Electronic medical records such as ours hold the potential to improve communication of other data collected during the course of prenatal care, such as laboratory data and consultant reports. At our institution, most laboratory test results are sent to our medical center and are reported to the referring sites and the labor floor by a computerized information system that predates our electronic medical record and is therefore widely available within our network. Laboratory data received from outside centers can be manually entered into our prenatal software, and ultimately, both the need and potential exists to create electronic interfaces to allow the automatic importation of the received data into our system. Similarly, it is our plan to incorporate the ability to scan consultant reports that were prepared for by providers without access to our software into the system so that images of these reports can be viewed in the electronic medical record at all locations where the electronic record is available.
In conclusion, this study has taken an important first step to demonstrate some of the potential benefits of electronic medical records in obstetric care. We hypothesize that the ultimate benefit of a paperless record may be in its implementation across a large network of providers. In this setting, auditing of all patient records, rather than the cumbersome process of abstracting a small sample of charts, may be easily accomplished in a timely, even prospective fashion, and quality of care initiatives can be implemented and thoroughly monitored.
Beyond improving the quality of care for prenatal patients, given that obstetrics is such a disproportionately large contributor to the current medical malpractice crisis, we believe that improving the quality of care and of record keeping could potentially mitigate medicolegal risks. It is quite possible that the costs of implementing such a system might be offset by reduced malpractice costs as well as by preventing the incurred costs that result from treating patients harmed by medical errors.
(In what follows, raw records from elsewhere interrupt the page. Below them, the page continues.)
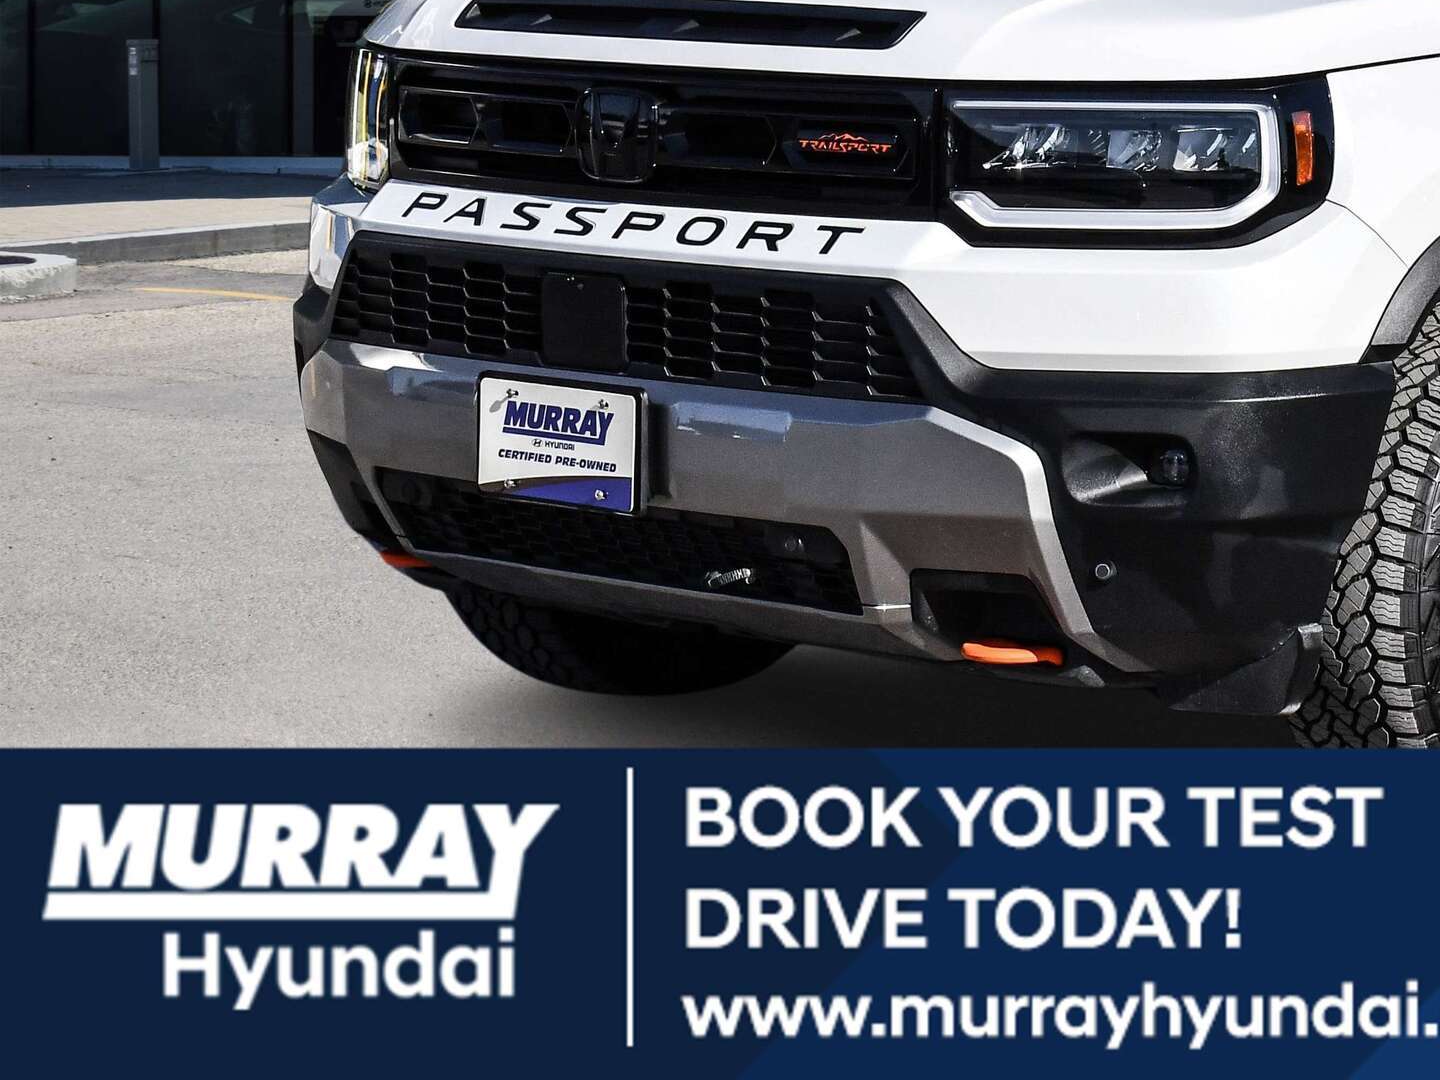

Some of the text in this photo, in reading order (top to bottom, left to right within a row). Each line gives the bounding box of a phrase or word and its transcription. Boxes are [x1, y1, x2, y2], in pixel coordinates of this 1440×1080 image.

[798, 139, 892, 155] TRAILSPORT
[401, 192, 866, 255] PASSPORT
[503, 400, 615, 446] MURRAY
[544, 440, 575, 451] HYUNDAI
[498, 448, 617, 473] CERTIFIED PRE-OWNED
This small study suggests an example of how patient care could be improved and legal liability reduced: Consider the patient who had an ultrasonogram the day before presenting in labor that suggests that her fetus may be macrosomic. The provider who does not have access to this report runs a greater risk of encountering a bad newborn outcome than a provider who has immediate access to that ultrasound report.
Future studies of this and similar information systems should begin to look at whether the benefits of these systems actually translate into evidence of improved health care outcomes for patients. We hope that such evidence will lead to a nationwide investment in the development and replication of evidence-based information technology initiatives.